Appearances and goals by club, season and competition
| Club | Season | League |  |  | National Cup |  | League Cup |  | Europe |  | Other |  | Total |  |
| Division | Apps | Goals | Apps | Goals | Apps | Goals | Apps | Goals | Apps | Goals | Apps | Goals |
| Víkingur R. | 2017 | Úrvalsdeild | 0 | 0 | 0 | 0 | 2 | 0 | — |  | — |  | 2 | 0 |
| 2018 | Úrvalsdeild | 3 | 0 | 1 | 0 | 4 | 0 | — |  | — |  | 8 | 0 |
| 2019 | Úrvalsdeild | 16 | 2 | 3 | 0 | 3 | 0 | — |  | — |  | 22 | 2 |
| 2020 | Úrvalsdeild | 2 | 0 | 1 | 0 | 2 | 0 | — |  | 1 | 0 | 6 | 0 |
| 2021 | Úrvalsdeild | 18 | 0 | 5 | 0 | 5 | 2 | — |  | — |  | 28 | 2 |
| 2022 | Besta deild karla | 26 | 5 | 4 | 3 | 5 | 2 | 8 | 0 | 1 | 0 | 44 | 10 |
| 2023 | Besta deild karla | 18 | 2 | 4 | 1 | 5 | 1 | 2 | 0 | 1 | 0 | 30 | 4 |
| Total |  | 83 | 9 | 18 | 4 | 26 | 5 | 10 | 0 | 3 | 0 | 140 | 18 |
| Þróttur R. (loan) | 2018 | 1. deild karla | 11 | 0 | 0 | 0 | 0 | 0 | — |  | — |  | 11 | 0 |
| FH (loan) | 2020 | Úrvalsdeild | 7 | 0 | 2 | 0 | 0 | 0 | — |  | — |  | 9 | 0 |
| Strømsgodset | 2023 | Eliteserien | 10 | 1 | 0 | 0 | — |  | — |  | — |  | 10 | 1 |
| 2024 | Eliteserien | 29 | 5 | 3 | 1 | — |  | — |  | — |  | 32 | 6 |
| 2025 | Eliteserien | 9 | 1 | 2 | 1 | — |  | — |  | — |  | 11 | 2 |
| Total |  | 48 | 7 | 5 | 2 | — |  | — |  | — |  | 53 | 9 |
| Strømsgodset 2 | 2023 | 2. divisjon | 3 | 0 | — |  |  |  |  |  |  |  | 3 | 0 |
| Samsunspor | 2025–26 | Süper Lig | 15 | 0 | 0 | 0 | 0 | 0 | 7 | 1 | 0 | 0 | 22 | 1 |
| Career total |  |  | 167 | 16 | 25 | 6 | 26 | 5 | 17 | 1 | 3 | 0 | 238 | 27 |

===International===
Scores and results list Iceland's goal tally first, score column indicates score after each Logi goal.
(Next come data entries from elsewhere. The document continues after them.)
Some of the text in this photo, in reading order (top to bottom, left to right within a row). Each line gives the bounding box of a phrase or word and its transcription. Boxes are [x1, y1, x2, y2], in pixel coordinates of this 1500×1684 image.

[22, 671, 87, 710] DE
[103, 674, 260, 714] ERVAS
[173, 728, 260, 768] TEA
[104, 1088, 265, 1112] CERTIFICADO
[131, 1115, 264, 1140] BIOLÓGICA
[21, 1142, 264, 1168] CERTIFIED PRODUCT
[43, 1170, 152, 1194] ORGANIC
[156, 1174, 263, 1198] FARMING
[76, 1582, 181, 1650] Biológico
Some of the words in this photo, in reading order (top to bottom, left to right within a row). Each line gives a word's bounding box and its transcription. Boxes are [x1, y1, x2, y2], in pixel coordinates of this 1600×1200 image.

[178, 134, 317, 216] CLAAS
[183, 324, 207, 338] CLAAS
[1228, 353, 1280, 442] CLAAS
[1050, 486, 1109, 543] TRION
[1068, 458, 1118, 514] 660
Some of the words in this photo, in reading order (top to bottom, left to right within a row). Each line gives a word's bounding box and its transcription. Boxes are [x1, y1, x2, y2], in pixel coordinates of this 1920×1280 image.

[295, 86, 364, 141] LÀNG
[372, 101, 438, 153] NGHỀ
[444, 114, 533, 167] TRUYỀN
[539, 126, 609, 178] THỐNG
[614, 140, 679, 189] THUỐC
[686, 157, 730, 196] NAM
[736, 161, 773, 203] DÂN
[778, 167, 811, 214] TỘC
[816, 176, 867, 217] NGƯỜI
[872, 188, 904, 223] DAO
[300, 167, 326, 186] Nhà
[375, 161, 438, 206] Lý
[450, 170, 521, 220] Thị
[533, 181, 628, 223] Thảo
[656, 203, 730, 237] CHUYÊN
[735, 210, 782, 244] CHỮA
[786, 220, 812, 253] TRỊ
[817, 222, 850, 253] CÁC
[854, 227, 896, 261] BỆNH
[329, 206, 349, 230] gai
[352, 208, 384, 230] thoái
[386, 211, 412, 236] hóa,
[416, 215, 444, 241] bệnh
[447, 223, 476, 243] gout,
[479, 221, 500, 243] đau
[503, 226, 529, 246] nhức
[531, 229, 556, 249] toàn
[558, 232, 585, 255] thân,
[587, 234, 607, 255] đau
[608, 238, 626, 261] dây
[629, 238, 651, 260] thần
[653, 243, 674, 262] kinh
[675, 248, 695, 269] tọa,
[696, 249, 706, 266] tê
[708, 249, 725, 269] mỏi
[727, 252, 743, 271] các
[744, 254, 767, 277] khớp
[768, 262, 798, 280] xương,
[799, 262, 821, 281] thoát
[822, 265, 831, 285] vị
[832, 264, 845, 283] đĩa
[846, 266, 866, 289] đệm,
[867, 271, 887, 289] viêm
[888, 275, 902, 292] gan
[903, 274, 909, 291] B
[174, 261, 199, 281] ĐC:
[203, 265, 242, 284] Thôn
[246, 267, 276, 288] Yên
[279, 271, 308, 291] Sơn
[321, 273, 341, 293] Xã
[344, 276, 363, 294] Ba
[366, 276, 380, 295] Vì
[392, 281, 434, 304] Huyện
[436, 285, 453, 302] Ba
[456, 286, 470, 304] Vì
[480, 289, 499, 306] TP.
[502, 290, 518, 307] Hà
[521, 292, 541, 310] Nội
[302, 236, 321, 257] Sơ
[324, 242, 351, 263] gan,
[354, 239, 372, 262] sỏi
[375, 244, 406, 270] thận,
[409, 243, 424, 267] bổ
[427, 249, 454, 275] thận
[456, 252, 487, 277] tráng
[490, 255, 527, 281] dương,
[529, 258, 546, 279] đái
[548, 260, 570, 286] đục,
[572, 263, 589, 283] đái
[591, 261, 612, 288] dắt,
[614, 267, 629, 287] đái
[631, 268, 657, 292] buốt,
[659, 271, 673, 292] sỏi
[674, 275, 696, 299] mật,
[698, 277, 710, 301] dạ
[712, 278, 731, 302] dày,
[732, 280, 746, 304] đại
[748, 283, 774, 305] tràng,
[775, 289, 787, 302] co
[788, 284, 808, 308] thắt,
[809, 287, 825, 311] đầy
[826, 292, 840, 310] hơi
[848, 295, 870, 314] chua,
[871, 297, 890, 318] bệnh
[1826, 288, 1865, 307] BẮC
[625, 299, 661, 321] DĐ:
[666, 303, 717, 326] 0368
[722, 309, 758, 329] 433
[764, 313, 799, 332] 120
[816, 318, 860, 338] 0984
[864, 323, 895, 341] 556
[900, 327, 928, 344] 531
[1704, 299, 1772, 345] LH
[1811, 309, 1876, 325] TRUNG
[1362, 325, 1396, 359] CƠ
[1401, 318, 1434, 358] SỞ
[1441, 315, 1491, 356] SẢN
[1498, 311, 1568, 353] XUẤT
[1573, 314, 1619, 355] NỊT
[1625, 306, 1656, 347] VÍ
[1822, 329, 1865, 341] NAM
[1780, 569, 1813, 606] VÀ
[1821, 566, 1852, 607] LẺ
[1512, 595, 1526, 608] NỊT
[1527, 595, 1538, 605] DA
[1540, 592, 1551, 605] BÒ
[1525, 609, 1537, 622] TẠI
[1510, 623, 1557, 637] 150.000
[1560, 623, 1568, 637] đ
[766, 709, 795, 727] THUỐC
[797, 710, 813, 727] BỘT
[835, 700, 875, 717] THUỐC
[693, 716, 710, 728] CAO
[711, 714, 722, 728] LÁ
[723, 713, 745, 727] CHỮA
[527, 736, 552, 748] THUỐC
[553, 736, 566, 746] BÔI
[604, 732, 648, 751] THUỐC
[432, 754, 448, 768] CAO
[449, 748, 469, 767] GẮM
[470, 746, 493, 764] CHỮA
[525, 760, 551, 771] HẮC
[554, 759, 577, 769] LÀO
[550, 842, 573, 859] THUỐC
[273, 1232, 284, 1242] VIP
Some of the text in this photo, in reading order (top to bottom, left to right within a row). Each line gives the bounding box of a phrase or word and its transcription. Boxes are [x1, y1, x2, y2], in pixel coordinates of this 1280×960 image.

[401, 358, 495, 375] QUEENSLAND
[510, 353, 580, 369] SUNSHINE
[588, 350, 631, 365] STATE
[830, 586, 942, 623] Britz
List of international goals scored by Logi Tómasson
| No. | Date | Venue | Opponent | Score | Result | Competition |
|---|---|---|---|---|---|---|
| 1 | 11 October 2024 | Laugardalsvöllur Stadium, Reykjavík, Iceland | Wales | 1–2 | 2–2 | 2024–25 UEFA Nations League B |

==Other==
Logi published an album in 2019 under the artist name Luigi, with songs from the album making it to top Spotify charts in Iceland.